Photogram from video by Sea Shepherd

The word ‘research’ has been held on a pedestal of privilege for many years. But in recent decades, the word has taken a much more amplified position, in the hard sciences, then the social sciences and, even much more recently, in the fine arts. By way of the following text I want to make a summary sample to provoke a deposition – to question how we instrumentalise the ethics and the essence of ‘research’.

On November 28, 2017 the activist group Sea Shepherd fought selflessly to capture and release a video that had been censored by the Australian government. The video is a gruesome example of whaling. The perpetrator is a large Japanese-flagged convoy, hunter trawlers and processing ship, illegally whaling in a protected area near Australia on the Southern Ocean. The ships fashion an enormous sign by its side with the word RESEARCH.

Please let me begin by saying that I never have, nor will I ever eat whale meat. That said, I have blithely enjoyed Japanese food for years, particularly the ways fish is prepared. So I want to be measured and say that I may be part of the problem… as I often am… but this video has finally forced me to be far more careful about how I will eat fish in the future, particularly in Japanese settings.

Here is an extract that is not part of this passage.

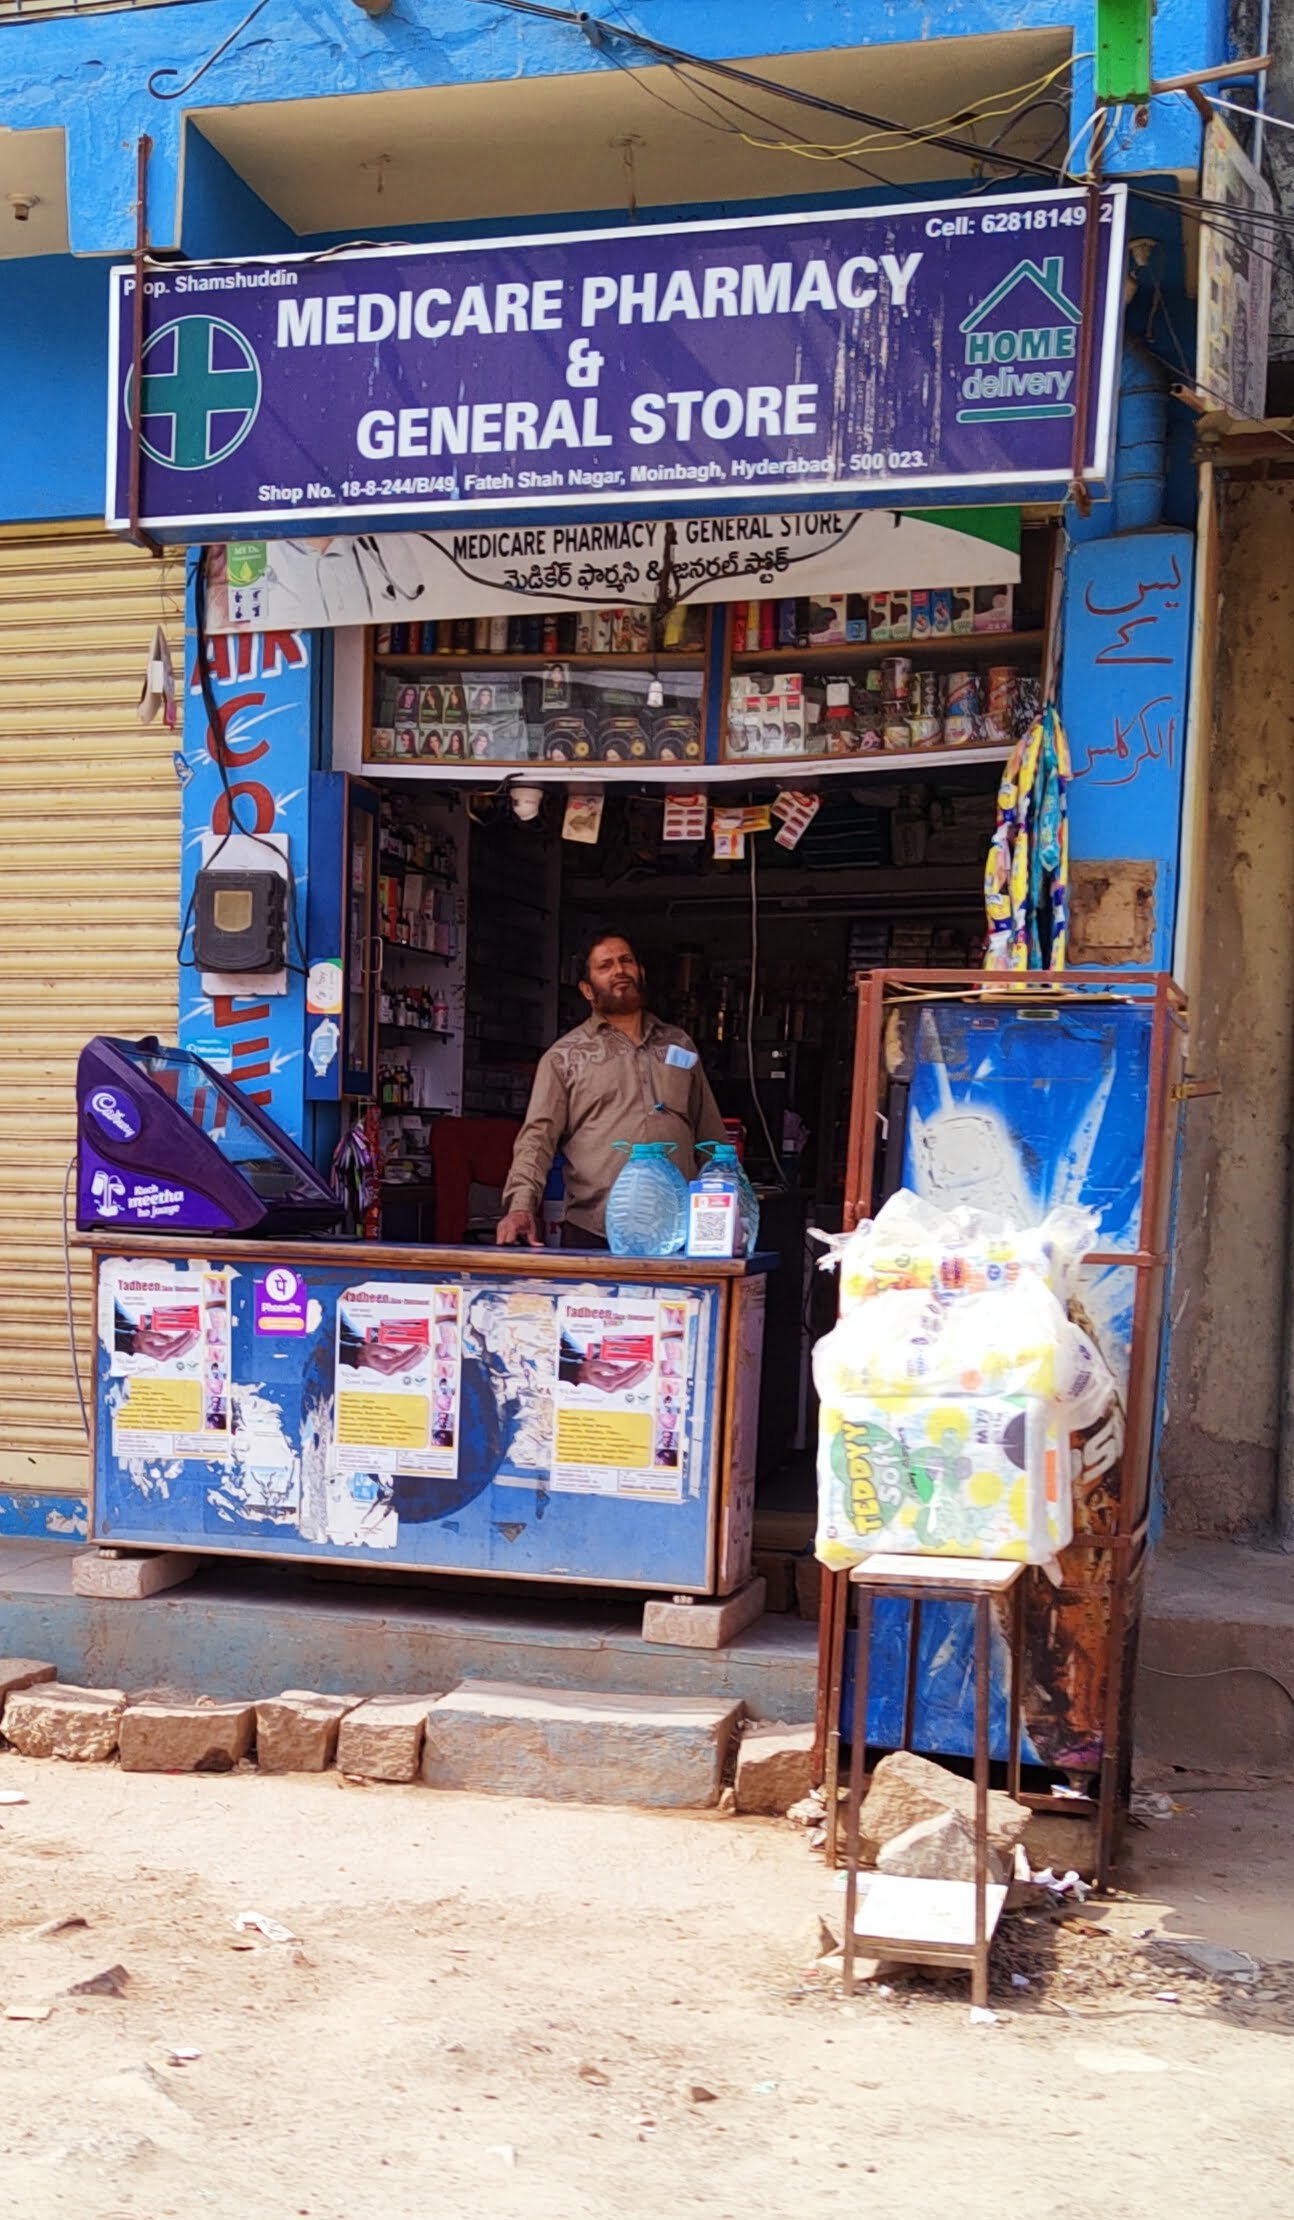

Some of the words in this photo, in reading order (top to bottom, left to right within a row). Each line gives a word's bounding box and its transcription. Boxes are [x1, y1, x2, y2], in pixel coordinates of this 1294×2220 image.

Without doubt, Japan does absolutely deserve the vast majority of the condemnation it gets, particularly for its whaling practices. But it absolutely must also be made clear that Japan is by no means the only perpetrator. In fact, Norway – despite its government’s promising attitudes towards environment, social cohesion, and migration – is the worst perpetrator when it comes to whaling. Japan comes second, and then also seemingly benevolent Denmark and Iceland follow right behind, with expected accomplices Russia and USA.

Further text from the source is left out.